Data supplied below:
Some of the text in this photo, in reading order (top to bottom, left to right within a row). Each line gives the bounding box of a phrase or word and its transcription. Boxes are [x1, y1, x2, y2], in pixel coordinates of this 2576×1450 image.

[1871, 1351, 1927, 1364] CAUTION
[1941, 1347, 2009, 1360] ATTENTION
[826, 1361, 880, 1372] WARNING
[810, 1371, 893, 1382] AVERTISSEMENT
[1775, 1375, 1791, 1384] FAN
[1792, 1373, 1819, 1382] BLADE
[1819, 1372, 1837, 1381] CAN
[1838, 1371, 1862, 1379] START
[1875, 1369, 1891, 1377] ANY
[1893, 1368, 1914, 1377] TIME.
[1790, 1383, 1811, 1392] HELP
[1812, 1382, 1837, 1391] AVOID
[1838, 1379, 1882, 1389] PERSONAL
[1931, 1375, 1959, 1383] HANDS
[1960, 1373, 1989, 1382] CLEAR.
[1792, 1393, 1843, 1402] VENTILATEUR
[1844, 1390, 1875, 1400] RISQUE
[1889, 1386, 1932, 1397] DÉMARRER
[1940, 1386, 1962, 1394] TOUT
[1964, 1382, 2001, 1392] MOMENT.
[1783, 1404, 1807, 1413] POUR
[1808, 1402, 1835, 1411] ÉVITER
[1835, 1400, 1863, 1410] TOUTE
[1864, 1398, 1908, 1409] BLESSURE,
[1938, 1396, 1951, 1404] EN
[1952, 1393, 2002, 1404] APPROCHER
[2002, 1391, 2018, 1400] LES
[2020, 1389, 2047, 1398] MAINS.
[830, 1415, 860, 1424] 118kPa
End of Data supplied.
◆ **Problem details**
The listing above should be returned in full, exactly as shown.

◆ **Response area**
Some of the text in this photo, in reading order (top to bottom, left to right within a row). Each line gives the bounding box of a phrase or word and its transcription. Boxes are [x1, y1, x2, y2], in pixel coordinates of this 2576×1450 image.

[1871, 1351, 1927, 1364] CAUTION
[1941, 1347, 2009, 1360] ATTENTION
[826, 1361, 880, 1372] WARNING
[810, 1371, 893, 1382] AVERTISSEMENT
[1775, 1375, 1791, 1384] FAN
[1792, 1373, 1819, 1382] BLADE
[1819, 1372, 1837, 1381] CAN
[1838, 1371, 1862, 1379] START
[1875, 1369, 1891, 1377] ANY
[1893, 1368, 1914, 1377] TIME.
[1790, 1383, 1811, 1392] HELP
[1812, 1382, 1837, 1391] AVOID
[1838, 1379, 1882, 1389] PERSONAL
[1931, 1375, 1959, 1383] HANDS
[1960, 1373, 1989, 1382] CLEAR.
[1792, 1393, 1843, 1402] VENTILATEUR
[1844, 1390, 1875, 1400] RISQUE
[1889, 1386, 1932, 1397] DÉMARRER
[1940, 1386, 1962, 1394] TOUT
[1964, 1382, 2001, 1392] MOMENT.
[1783, 1404, 1807, 1413] POUR
[1808, 1402, 1835, 1411] ÉVITER
[1835, 1400, 1863, 1410] TOUTE
[1864, 1398, 1908, 1409] BLESSURE,
[1938, 1396, 1951, 1404] EN
[1952, 1393, 2002, 1404] APPROCHER
[2002, 1391, 2018, 1400] LES
[2020, 1389, 2047, 1398] MAINS.
[830, 1415, 860, 1424] 118kPa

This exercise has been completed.